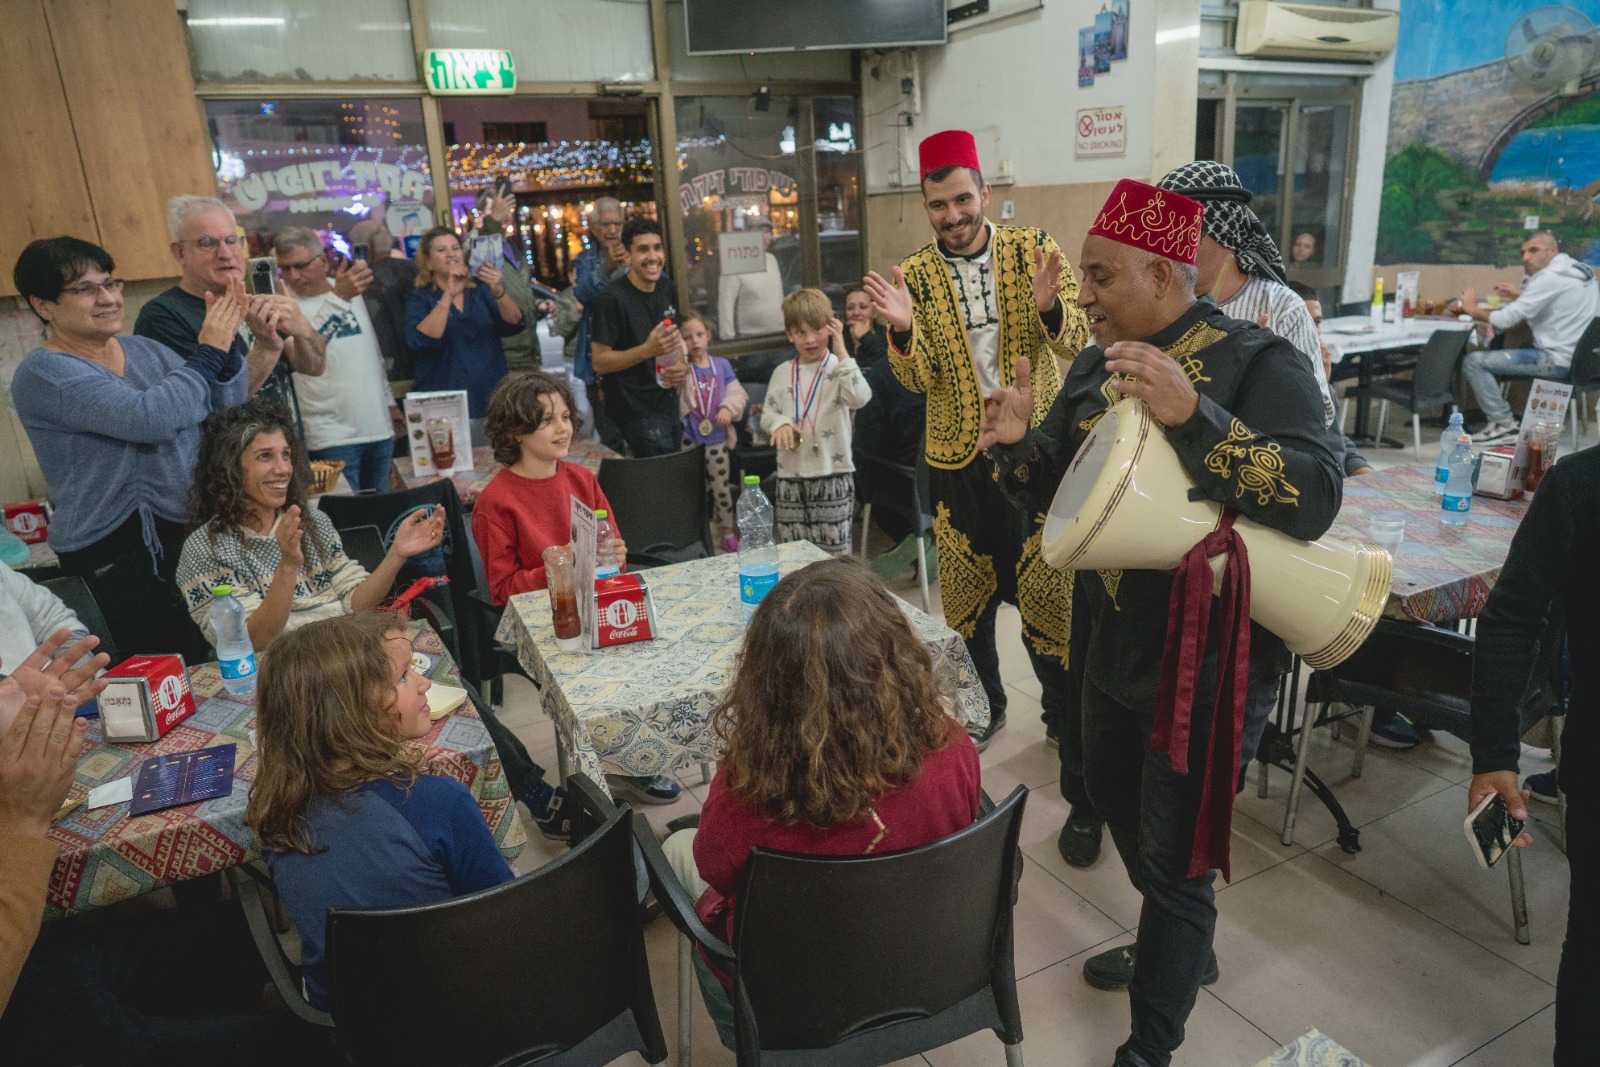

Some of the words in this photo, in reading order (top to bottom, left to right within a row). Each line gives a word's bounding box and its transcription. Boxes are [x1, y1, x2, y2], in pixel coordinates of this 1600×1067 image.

[434, 51, 511, 89] יציאה
[1095, 112, 1121, 121] אסור
[1094, 123, 1123, 136] לעשן
[1078, 142, 1088, 150] NO
[1090, 140, 1122, 149] SMOKING
[728, 245, 760, 259] פתוח
####
● Your goal
Word for word, repeat all the data, but not its images.

● The answer
Some of the words in this photo, in reading order (top to bottom, left to right within a row). Each line gives a word's bounding box and its transcription. Boxes are [x1, y1, x2, y2], in pixel coordinates of this 1600×1067 image.

[434, 51, 511, 89] יציאה
[1095, 112, 1121, 121] אסור
[1094, 123, 1123, 136] לעשן
[1078, 142, 1088, 150] NO
[1090, 140, 1122, 149] SMOKING
[728, 245, 760, 259] פתוח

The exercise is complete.